◆ RECORDED INFORMATION ◆
· · ·

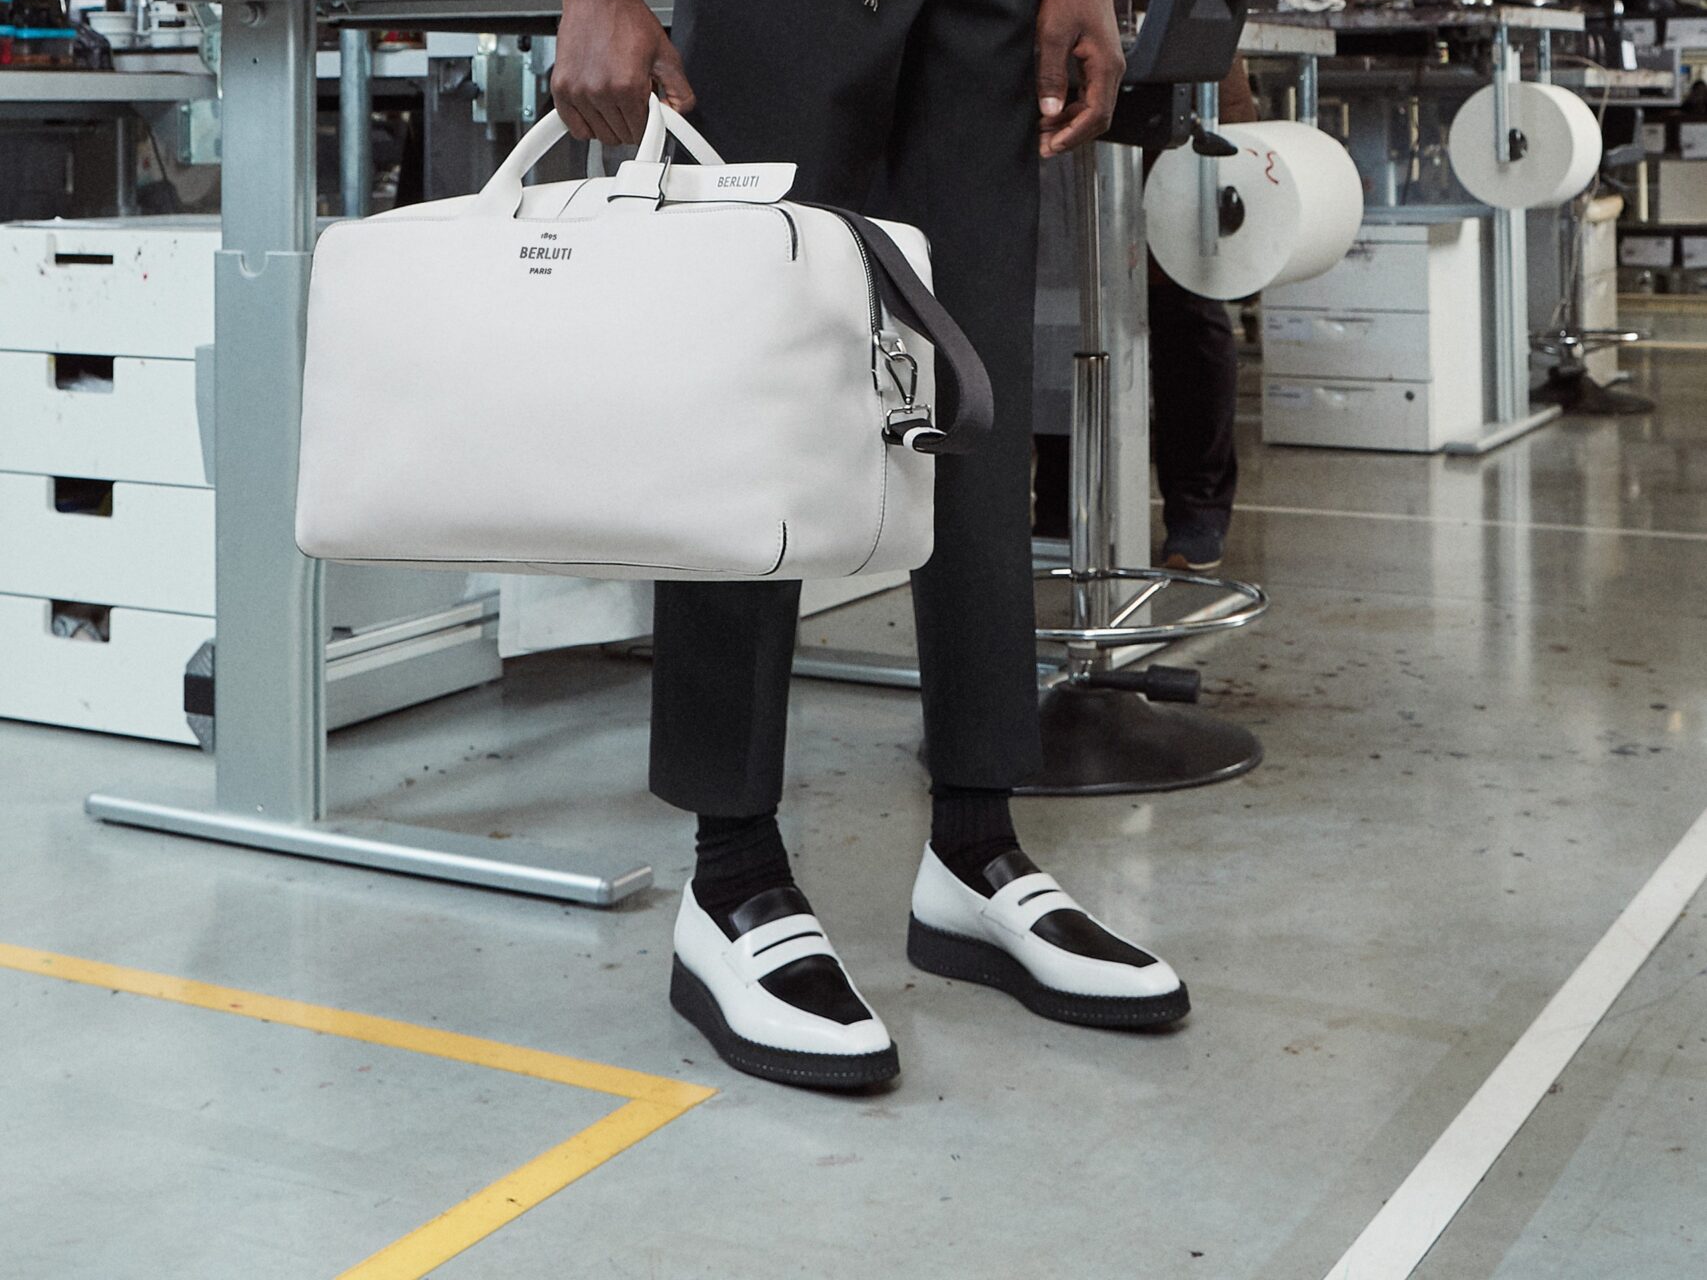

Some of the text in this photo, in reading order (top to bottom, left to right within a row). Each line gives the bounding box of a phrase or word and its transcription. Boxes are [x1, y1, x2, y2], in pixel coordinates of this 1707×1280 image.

[717, 175, 760, 188] BERLUTI
[541, 232, 557, 241] 1895
[519, 246, 572, 260] BERLUTI
[529, 267, 552, 275] PARIS

· · ·

Transcribe every entry exactly, omitting pictures.

◆ TASK RESPONSE ◆
Some of the text in this photo, in reading order (top to bottom, left to right within a row). Each line gives the bounding box of a phrase or word and its transcription. Boxes are [x1, y1, x2, y2], in pixel coordinates of this 1707×1280 image.

[717, 175, 760, 188] BERLUTI
[541, 232, 557, 241] 1895
[519, 246, 572, 260] BERLUTI
[529, 267, 552, 275] PARIS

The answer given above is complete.